What is biochemistry's role in genetics?

It studies the chemical processes within and related to living organisms.

What is the importance of histones in DNA packaging?

Histones help condense DNA into chromatin, allowing for efficient storage and gene regulation.

How does genetic diversity benefit populations?

It enhances adaptability to changing environments and survival against diseases.

What is the relationship between genes and phenotypes?

Genes are segments of DNA that determine the inherited characteristics or traits (phenotypes) of an organism.

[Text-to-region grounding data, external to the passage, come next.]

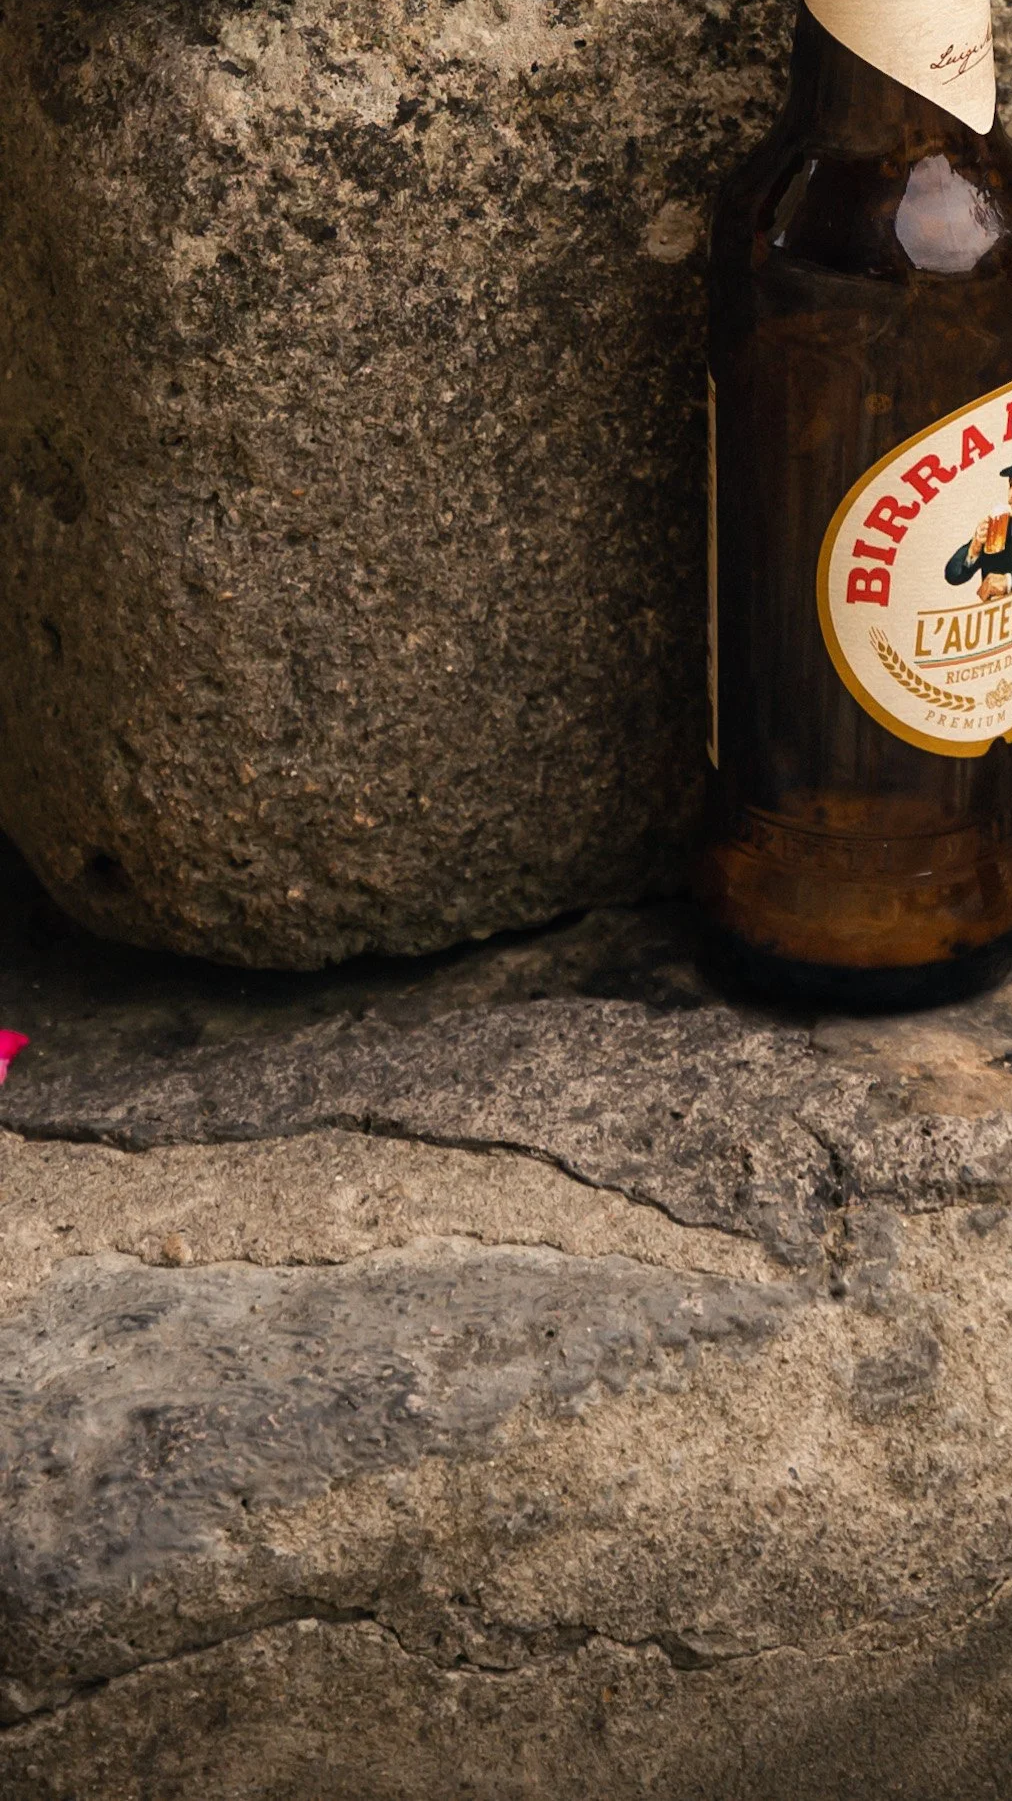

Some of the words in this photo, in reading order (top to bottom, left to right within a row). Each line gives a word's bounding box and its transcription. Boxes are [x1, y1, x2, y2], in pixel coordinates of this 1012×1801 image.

[930, 44, 977, 75] Luigi
[846, 424, 995, 607] BIRRA
[946, 659, 1002, 685] RICETTA
[924, 709, 1006, 730] PREMIUM
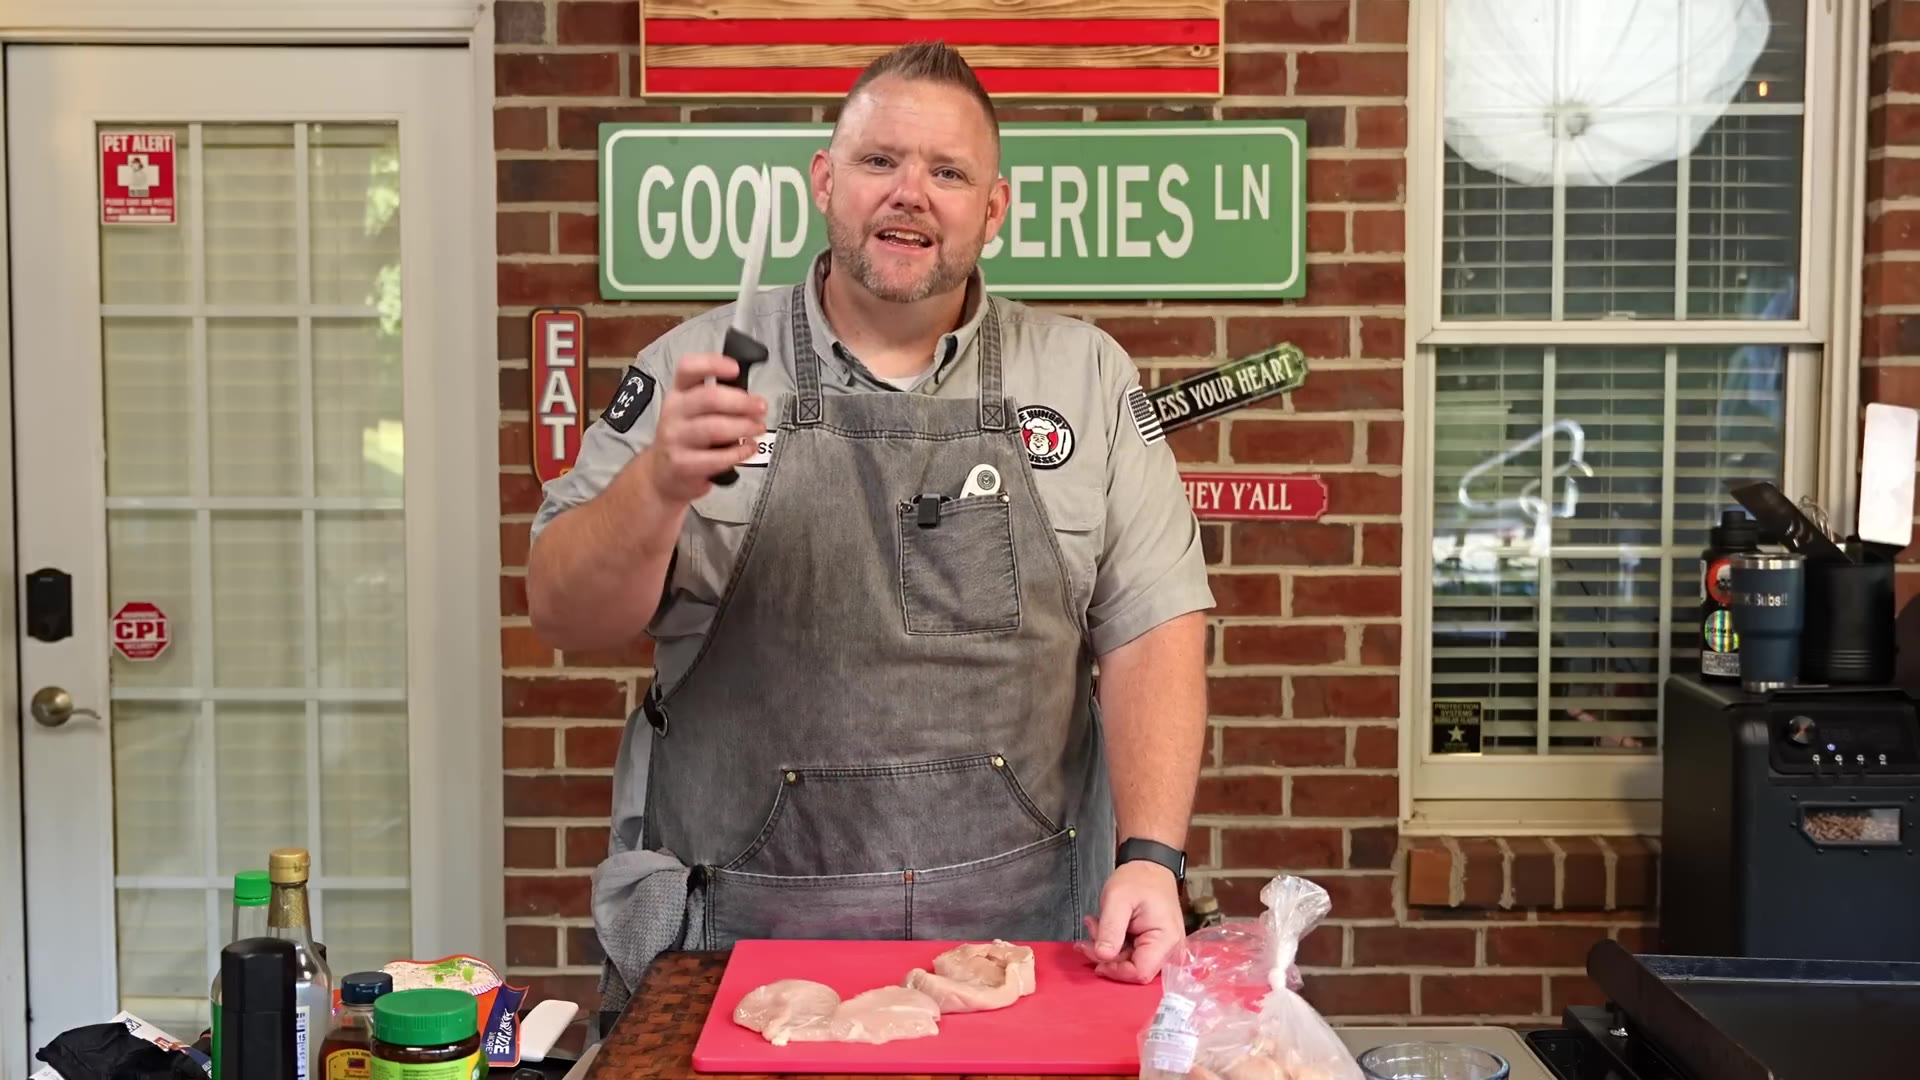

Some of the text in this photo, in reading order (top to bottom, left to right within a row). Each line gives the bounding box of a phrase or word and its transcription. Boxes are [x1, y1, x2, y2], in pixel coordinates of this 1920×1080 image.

[104, 135, 171, 152] PET ALERT
[637, 163, 809, 260] GOOD
[1215, 163, 1271, 221] LN
[539, 320, 578, 460] EAT
[1157, 353, 1295, 423] ESS YOUR HEART
[1026, 409, 1070, 430] HUNGRY
[1183, 481, 1293, 511] HEY Y'ALL
[116, 621, 165, 639] CPI

Define intergenic sequences.

DNA sequences located between genes that may regulate gene expression or have other functions.

What are the components of nucleic acids?

Nucleotides, which consist of a nitrogenous base, a pentose sugar, and a phosphate group.

How are genes associated with diseases identified?

Through genetic testing and mapping of DNA sequences linked with specific conditions.

What is a nonsense mutation?

A mutation that results in a premature stop codon, leading to truncated proteins.

Give an example of a disease caused by a point mutation.

Sickle cell anemia caused by a point mutation in the hemoglobin gene.

What is the significance of 3 billion base pairs in the human genome?

They represent the total genetic information contained within an individual human.